道ばたに咲いている花を見たら何を思うだろう。
私はそっと微笑むかもしれない。

という詩。

 震災のとき波に呑まれる草花を見て、誰も人の犠牲に嘆いて目を向けてくれない植物に対して、私だけでもちゃんと生きていたことを思っているよ、という気持ちがあった。そのひとつひとつが生きていることに思いを馳せたいという気持ちから書いた詩だ。

 それを好きだと言ってくれた。
 それに初めて人に、私が書いた文章を好きだと言われたのがこのときだった。

 とても嬉しくて、でも恥ずかしくて、それからあまり宿題に詩を書かなくなってしまったけれど、

 今でも文章を書くのを挫折しそうになったとき、書くのが苦しいとき、その先生の好きだと言ってくれた言葉を思い出す。

 原点にして1番の支えがその言葉だ。


 それからもよく言葉を書いた。詩がほとんどだったけど、少しづつ考えや物語も書いた。


 高校二年生の時の担任も国語の先生だったのだが、ふと担任に「文章書くの好きでしょ?」と言われた。

 私はびっくりしたのもあって笑顔で「はい!」と答えることしかできなかった。

 もうそのときには、自分の書いたものを自分のなかに留めることしかしていないくて、担任の先生が読んだ私の文章と言えば、夏休みの課題にあった意見文だけだったから、その意見文だけで文章を書くのが好きなのが分かってしまう文体をしていたのだろうかと思った。

 その意見文は、クラスの前で読んだ。
 私の祖父についてだった。私の家は全体的にちょっと晩婚なので、祖父はちょうど第二次世界大戦で兵士をしていた世代だ。
 祖父は体が弱く衛生兵だったのだか、そのときの話から戦後の焼け野原になって何も無い沖縄で医療に携わった話をした。
 祖父の生き方と立ち振る舞いから私がどう考えてどのような人になりたいか、と。

 クラスメイトの何人かには泣きそうになった。と声をかけてもらった。

(今度実家に帰ったとき見つけたらnoteに載せようと思う。)

 多分そういう熱い言葉を書いたので、書くのが好きだろうと思ったのかもしれない。

 そんなで、担任を受け持ってもらった国語の先生には文章を書くのが好きなのがバレてしまう青春時代を過ごした。

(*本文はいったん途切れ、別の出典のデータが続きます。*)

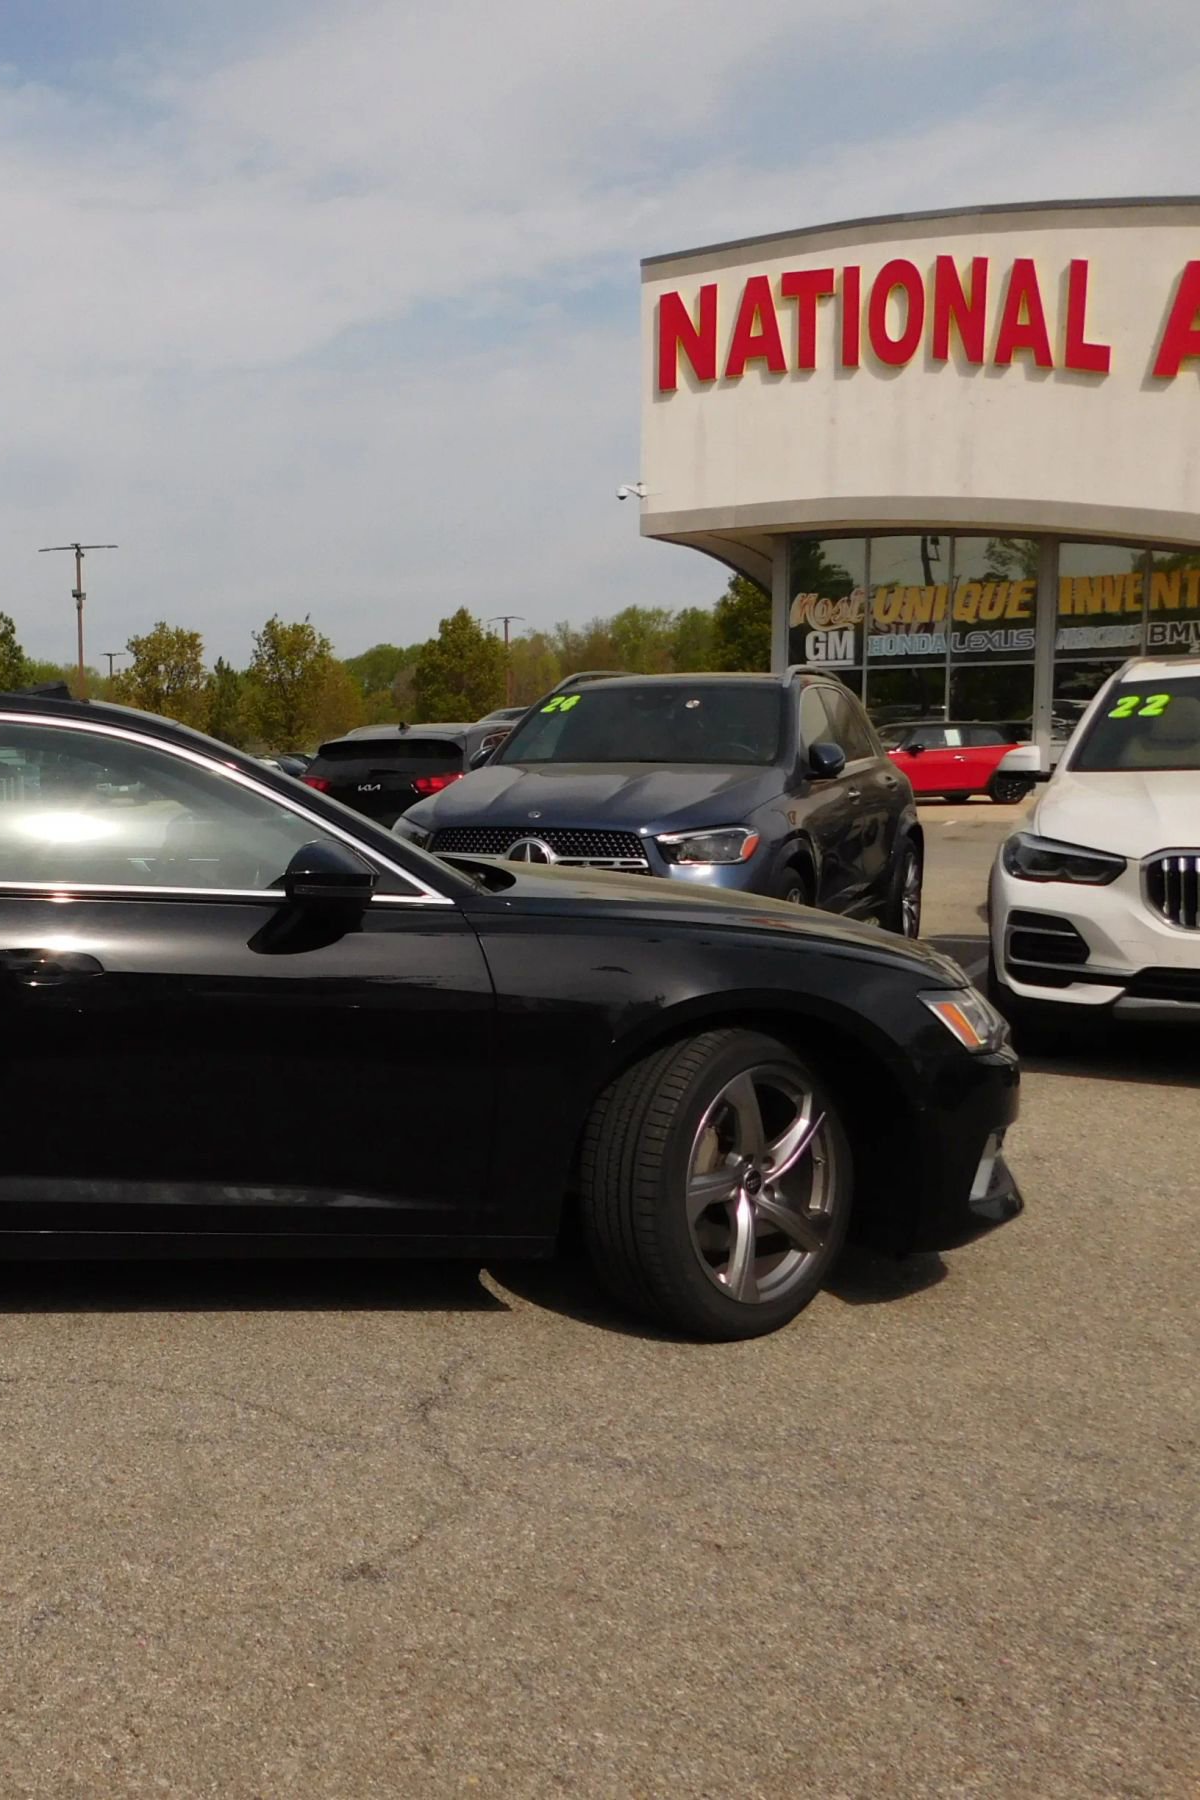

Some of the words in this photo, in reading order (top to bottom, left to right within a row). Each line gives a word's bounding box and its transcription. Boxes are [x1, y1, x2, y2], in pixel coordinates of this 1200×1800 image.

[658, 254, 1111, 392] NATIONAL
[873, 579, 1037, 624] UNIQUE
[805, 631, 854, 665] GM
[867, 633, 947, 656] HONDA
[951, 629, 1035, 653] LEXUS
[540, 695, 581, 713] 24
[1108, 694, 1170, 718] 22
[357, 783, 381, 792] KIA
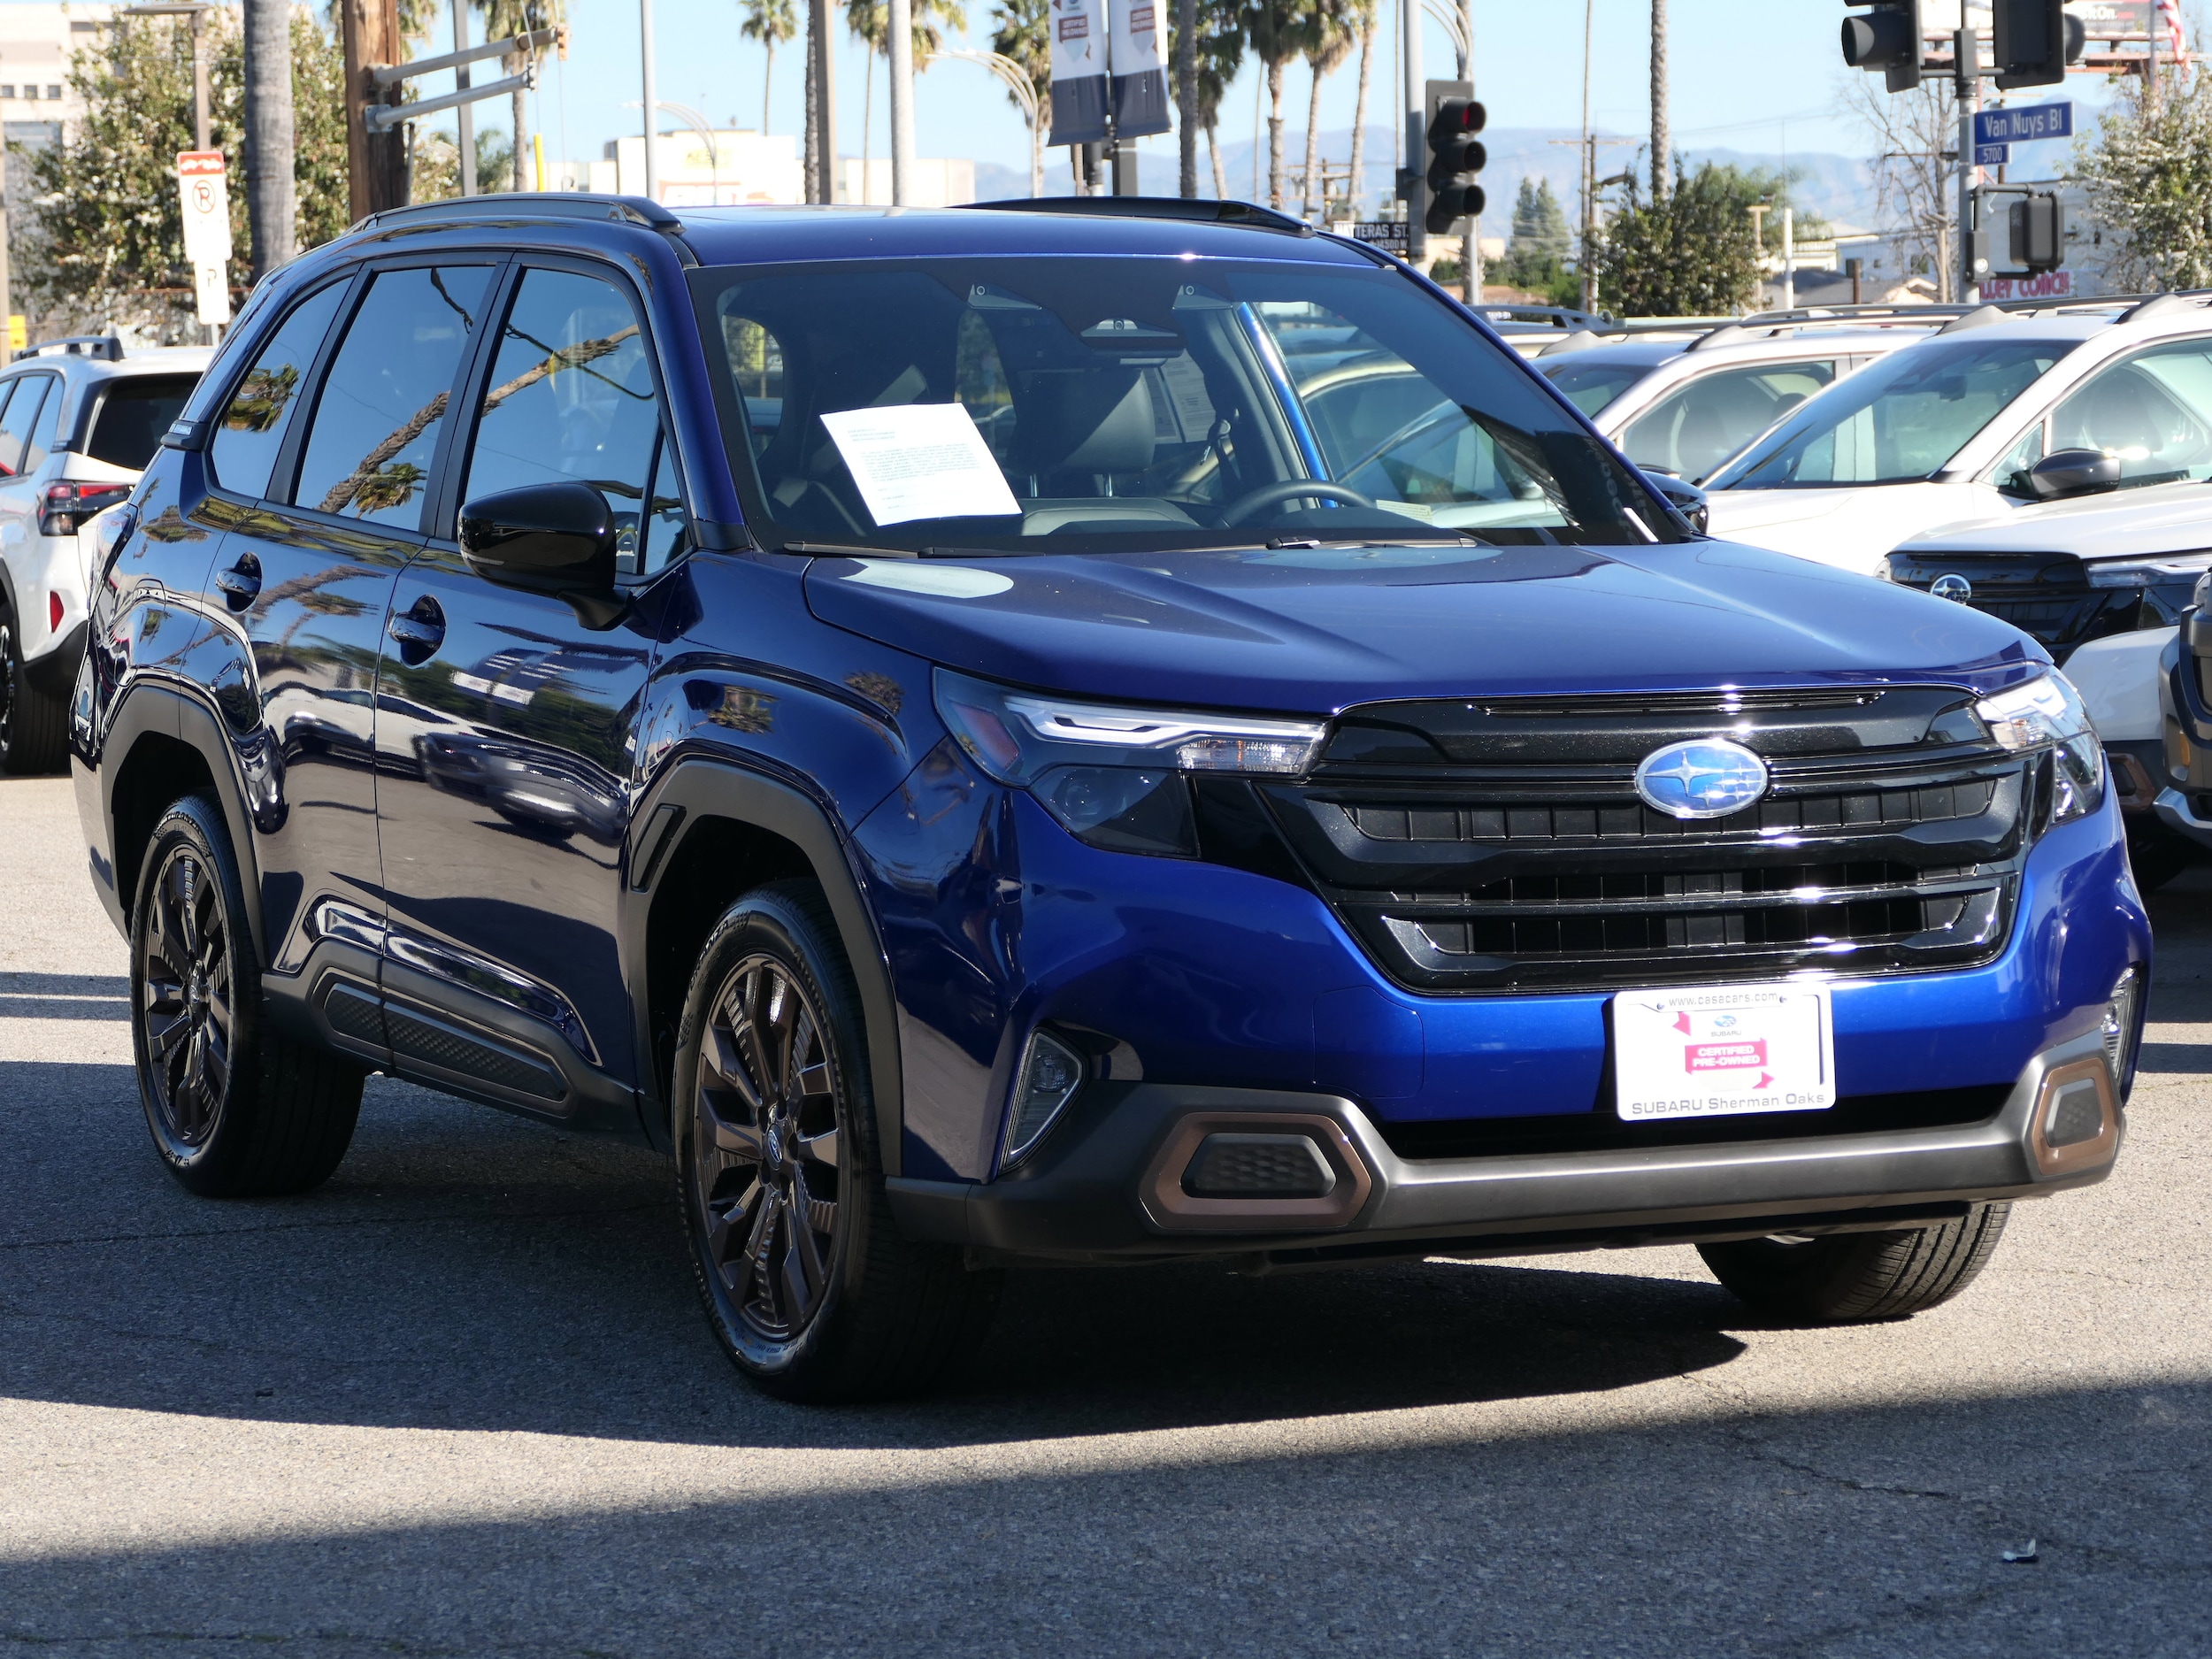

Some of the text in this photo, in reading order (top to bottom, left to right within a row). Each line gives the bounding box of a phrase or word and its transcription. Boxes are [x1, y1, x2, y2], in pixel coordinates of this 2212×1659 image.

[1985, 108, 2062, 139] Van Nuys Bl
[1983, 146, 2003, 164] 5700
[1979, 279, 2013, 300] LLEY
[1669, 992, 1778, 1007] www.casacars.com
[1697, 1045, 1755, 1057] CERTIFIED
[1692, 1054, 1761, 1068] PRE-OWNED
[1632, 1092, 1825, 1115] SUBARU Sherman Oaks

 先生たちからもらった言葉をいつも私は大切にしている。

 いつかお礼を言いたいと思っているのだけど、ずっとタイミングを逃している気がする。
 中学の国語の担任は住所を知っているので今度手紙を書こうかな…


 あとは、これはもう遅いのだけど。
 高校の国語の担任はもう亡くなった。まだ若かったのだが癌だったらしい。

 だからどんな言葉ももう先生には届かないし、私が文章を書くことで大成しようとも報告ができない。

 高校の修学旅行で、私は気分が悪くなって途中で班から外れてホテルに帰ったことがあるのだが、そのときその先生が一緒に帰ってくれて、寒かったので手を握ってくれたのを覚えている。恥ずかしかったのだが、その感触や温かさを本当によく覚えていて、私の手を温めてくれた体温がもうこの世にないのかと思うと悲しい。


 私は書き続けるしかない。
 書いて、たくさん書いて、届かなくても私は思っているよ。とずっとあなたの言葉を連れていく。


 ちゃんと私を見てくれた人たち。
 ちゃんと私に向けてくれた瞳を覚えている。かけてくれた言葉を覚えている。

 ちゃんと先生としてくれた愛情を受け取っている。

 私はその言葉があったから、書き続けている。